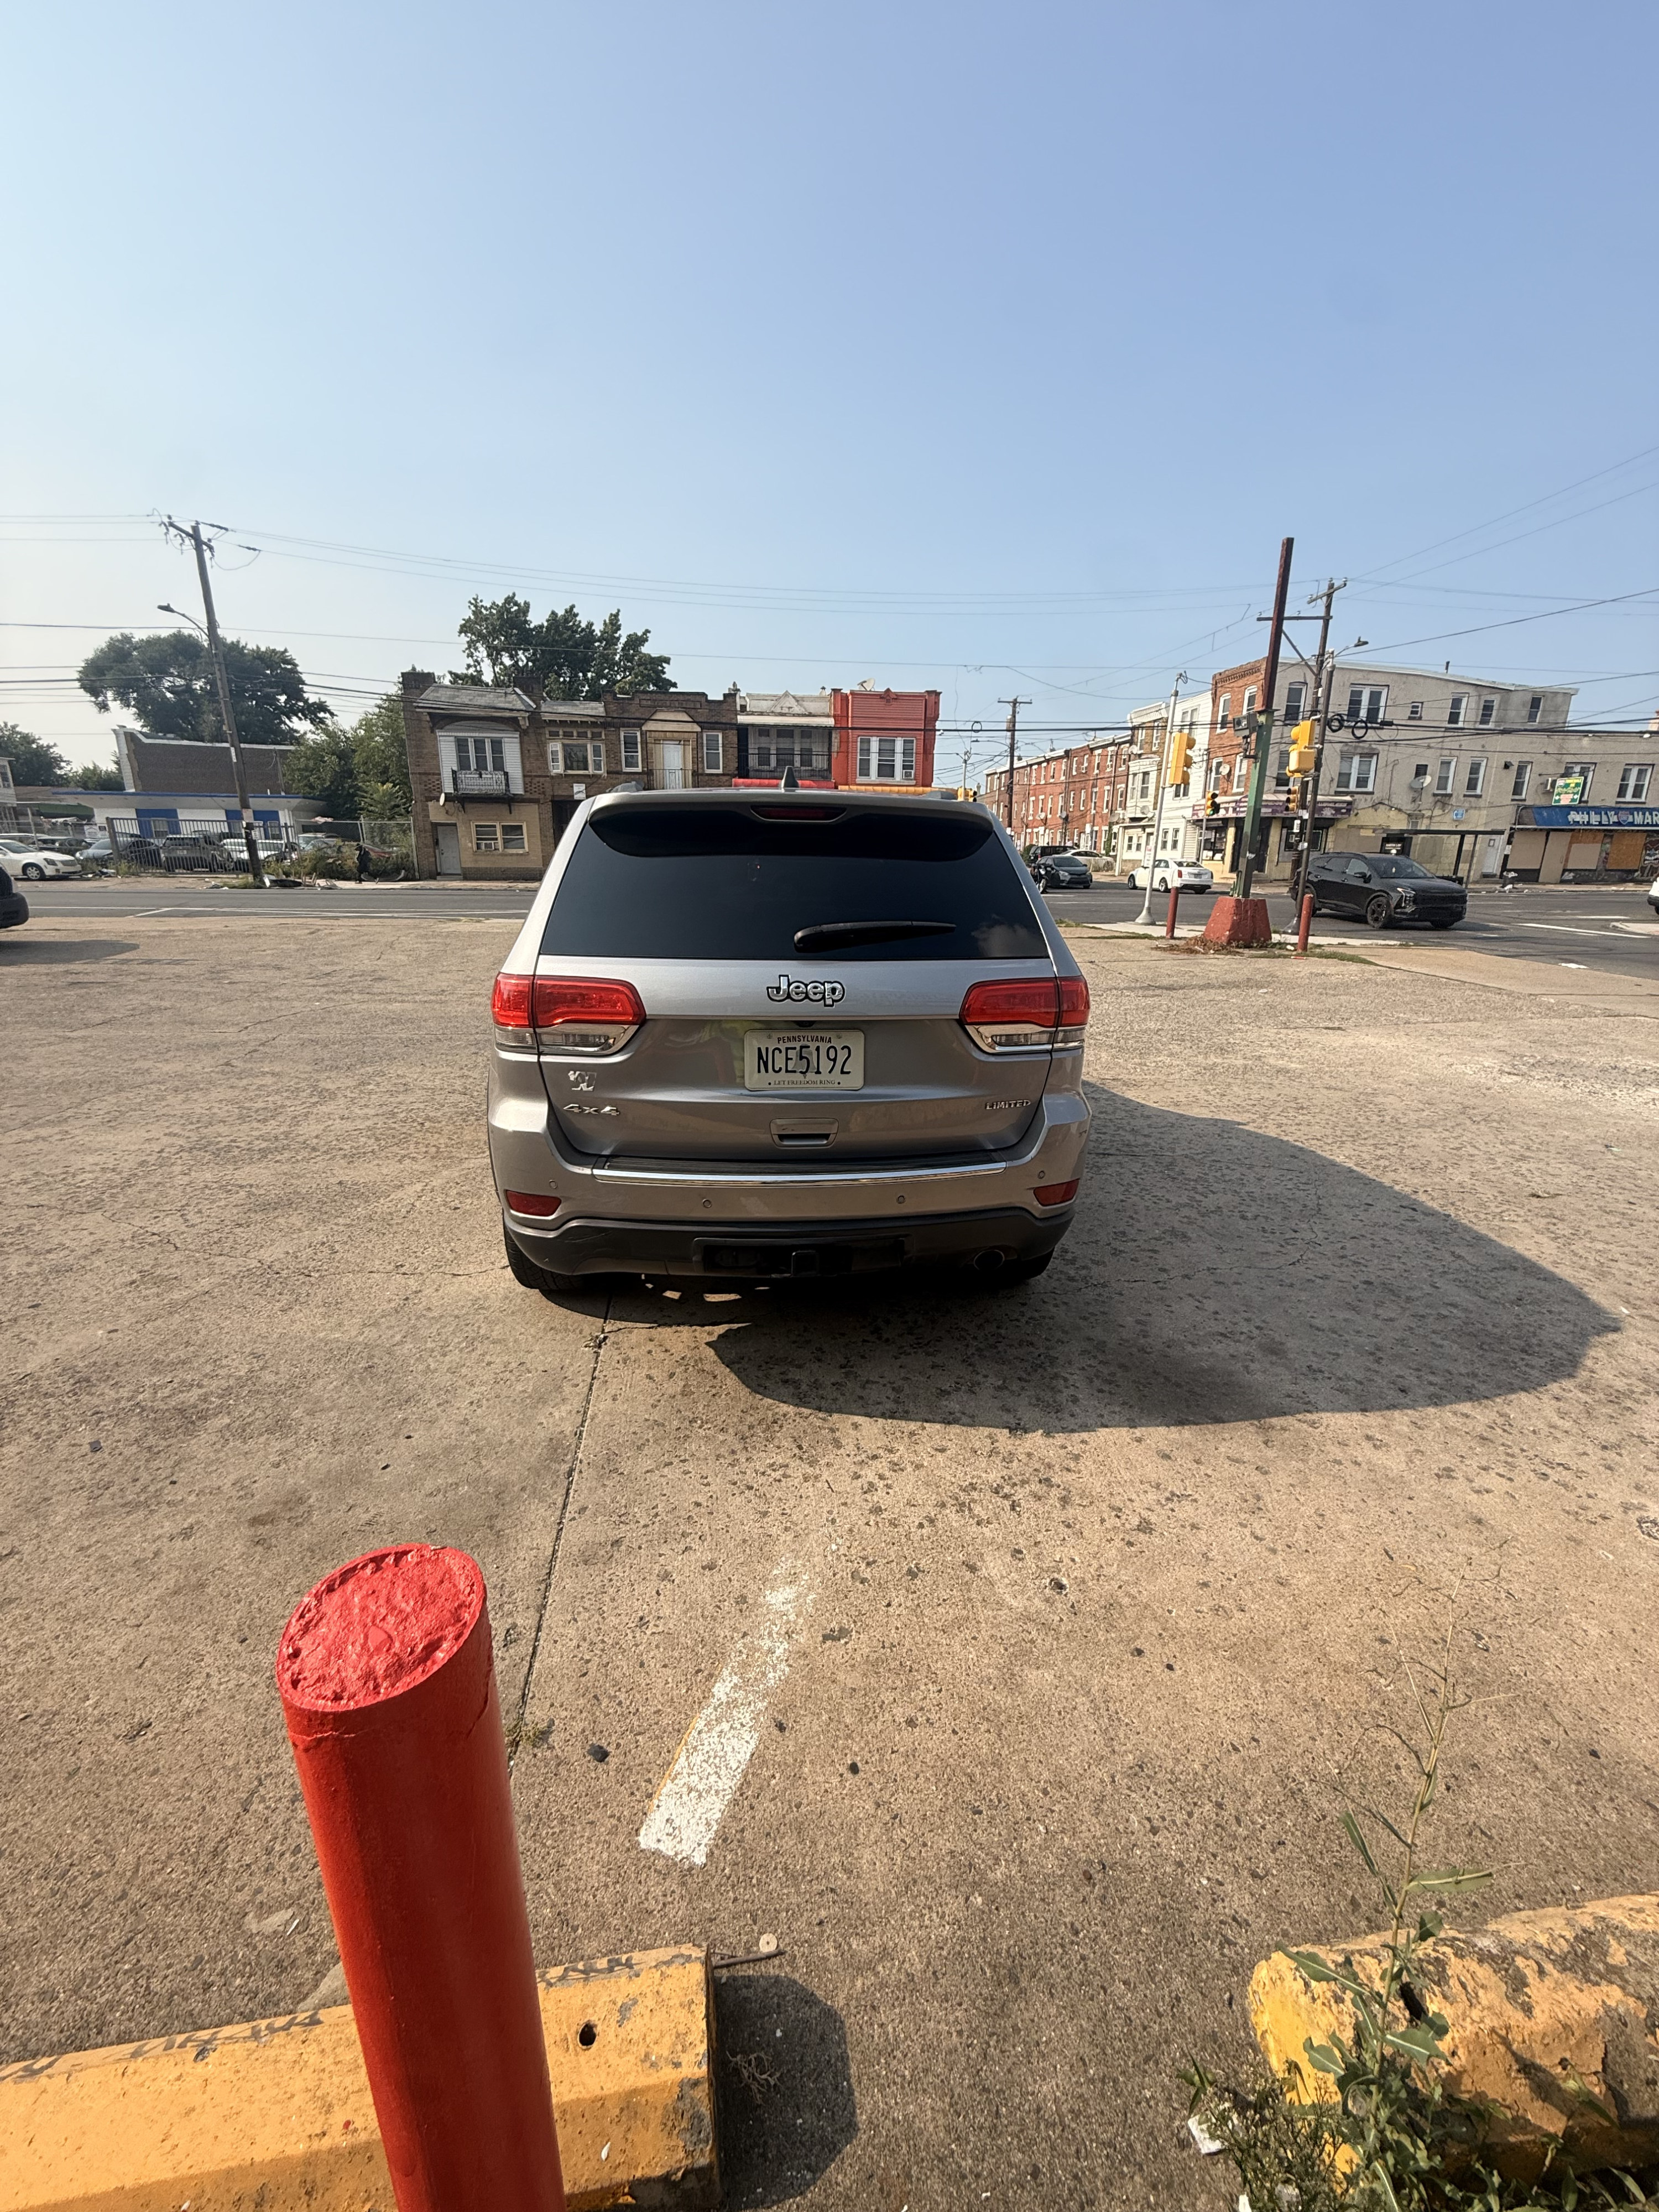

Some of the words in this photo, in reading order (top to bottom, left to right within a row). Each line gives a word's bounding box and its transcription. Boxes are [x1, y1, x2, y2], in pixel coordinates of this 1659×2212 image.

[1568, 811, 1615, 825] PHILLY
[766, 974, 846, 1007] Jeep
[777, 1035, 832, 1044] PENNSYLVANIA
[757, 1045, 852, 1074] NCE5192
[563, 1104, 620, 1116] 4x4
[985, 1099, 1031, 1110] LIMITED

● ● ●

Task item:
Everything in the listing above must be restated word for word, except the images.

Worked solution:
Some of the words in this photo, in reading order (top to bottom, left to right within a row). Each line gives a word's bounding box and its transcription. Boxes are [x1, y1, x2, y2], in pixel coordinates of this 1659×2212 image.

[1568, 811, 1615, 825] PHILLY
[766, 974, 846, 1007] Jeep
[777, 1035, 832, 1044] PENNSYLVANIA
[757, 1045, 852, 1074] NCE5192
[563, 1104, 620, 1116] 4x4
[985, 1099, 1031, 1110] LIMITED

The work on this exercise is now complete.